EKBIS  

Ojol Lokal, Bisnis Transportasi yang Kian Kinclong di Sumedang

Ojek Online Lokal di Sumedang
Ojek online (Ojol) lokal di Sumedang. ils/net

BERITA SUMEDANG, ruber.idPuluhan ojol atau ojek online lokal yang beroperasi di Kabupaten Sumedang telah meraup keuntungan yang menggembirakan.

Konsep bisnis ojol lokal tak jauh berbeda dengan pendahulunya, gojek dan grab.

Yakni jasa transportasi, jasa belanja, antar makanan, hingga kurir.

Yaman, salah satu pengembang ojol lokal mengatakan omset dari bisnis ini lumayan menguntungkan. Baik bagi pemilik ataupun karyawan.

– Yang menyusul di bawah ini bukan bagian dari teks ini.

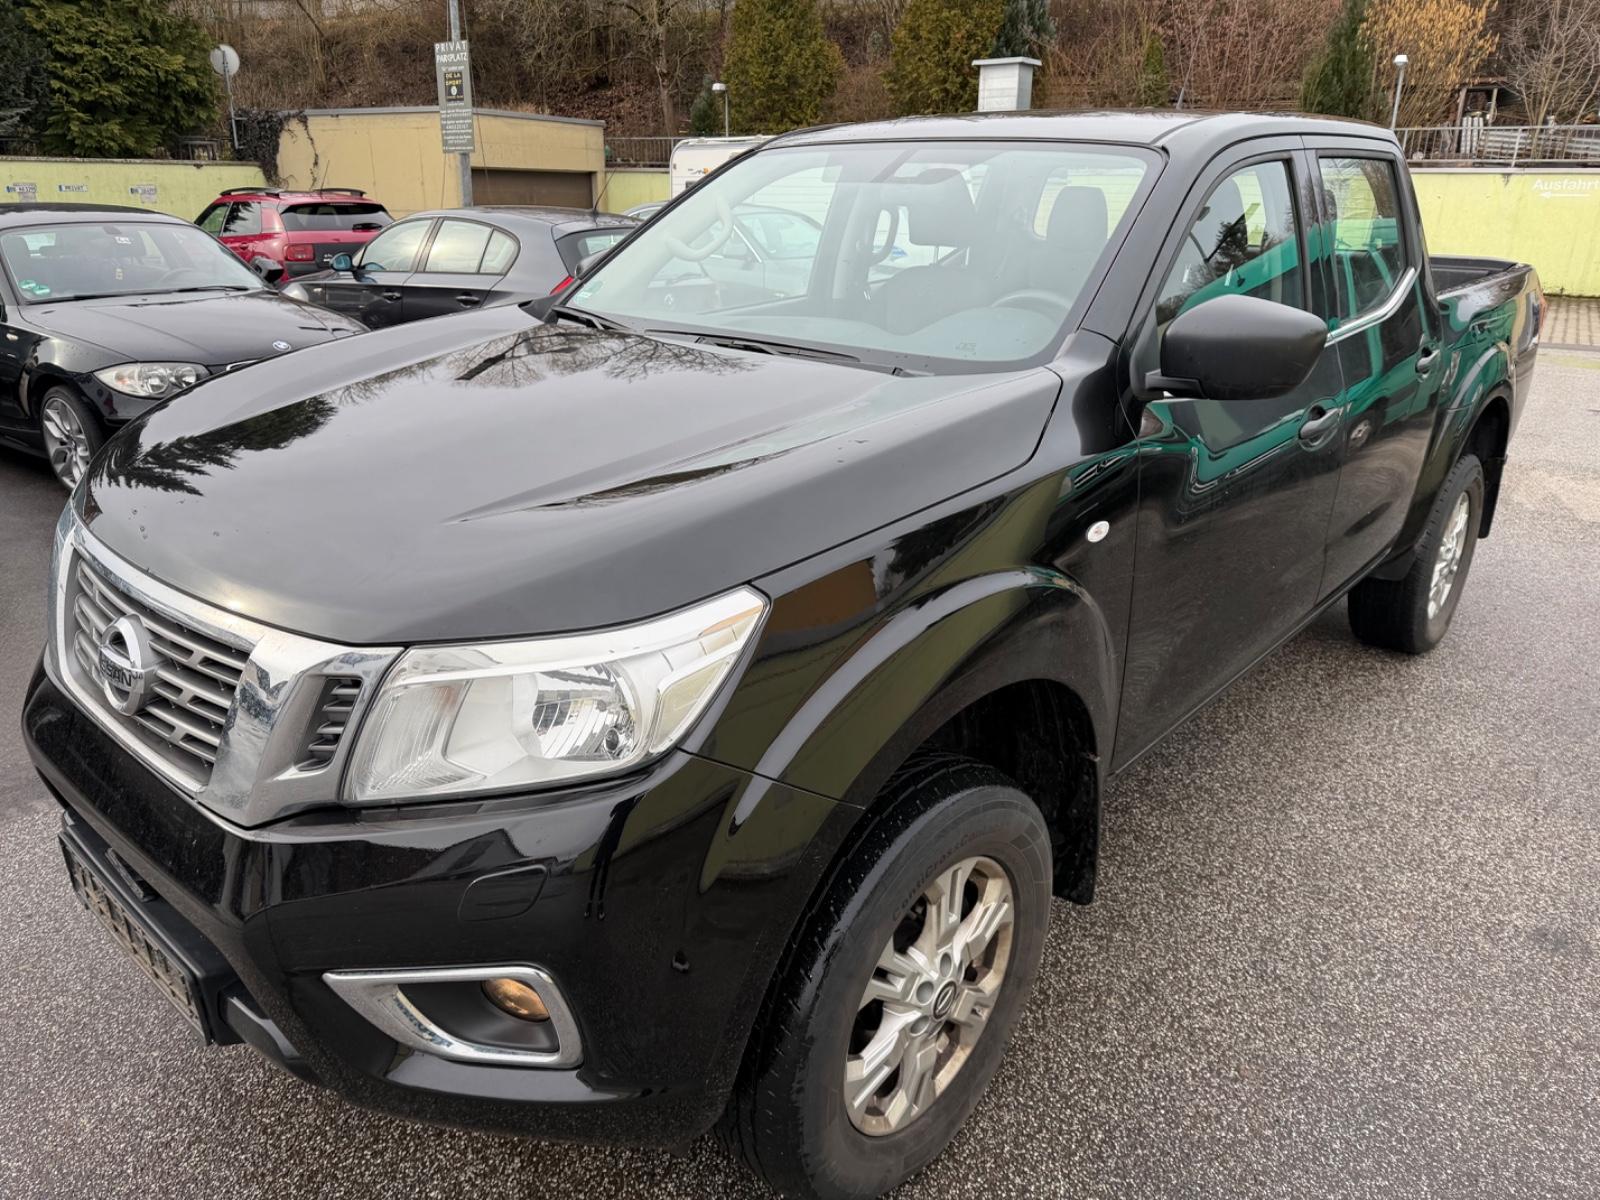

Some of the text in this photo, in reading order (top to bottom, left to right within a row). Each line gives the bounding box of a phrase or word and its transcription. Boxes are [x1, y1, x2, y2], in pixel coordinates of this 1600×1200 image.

[435, 41, 467, 52] PRIVAT
[436, 52, 468, 63] PARKPLATZ
[1531, 178, 1600, 191] Ausfahrt

“Dari setiap transaksi yang masuk, kami mendapatkan Rp5.000 sampai Rp10.000 untuk jarak yang relatif dekat.”

“Untuk jarak yang jauh kita membanderol harga mulai dari Rp15.000,” katanya, Ahad (25/8/2019).

Menurut Yaman, karyawan dari bisnis ojol lokal ini tak begitu banyak, yakni 8 orang saja.

Baca juga:  E-Tax bank bjb, Bayar PBB Cukup via Handphone

“Terdiri dari 6 orang driver, 1 orang admin dan 1 orang marketing.”

“Sedangkan untuk omsetnya ada di kisaran Rp500.000 sampai Rp1 juta rupiah per harinya. Tidak menentu,” sambung driver ojol lokal ini.

Menurut Yaman, pihaknya tidak menggunakan aplikasi seperti gojek atau grab yang tersedia di PlayStore.

“Kami hanya menggunakan media sosial seperti WhatsApp, messenger, telepon, atau sms sebagai alat promosi dan pemesanan,” ujarnya.

Berbeda halnya dengan driver gojek dan grab di Kabupaten Sumedang. Omset mereka cenderung menipis.

Terpisah, driver gojek Sumedang, Tiar, mengatakan, jumlah penumpang dan omset para driver berkurang lantaran ada kenaikan tarif gojek saat ini.

“Tak hanya kami, pesaing kami grab pun merasakan hal yang sama.”

Baca juga:  Tim Pemburu Pelanggar Prokes COVID-19 Bakal Tindak Warga Sumedang Tak Pakai Masker

“Tarif gojek saat ini sudah naik, untuk jarak tempuh terdekat tarifnya Rp9.000. Padahal tadinya hanya Rp4.000.”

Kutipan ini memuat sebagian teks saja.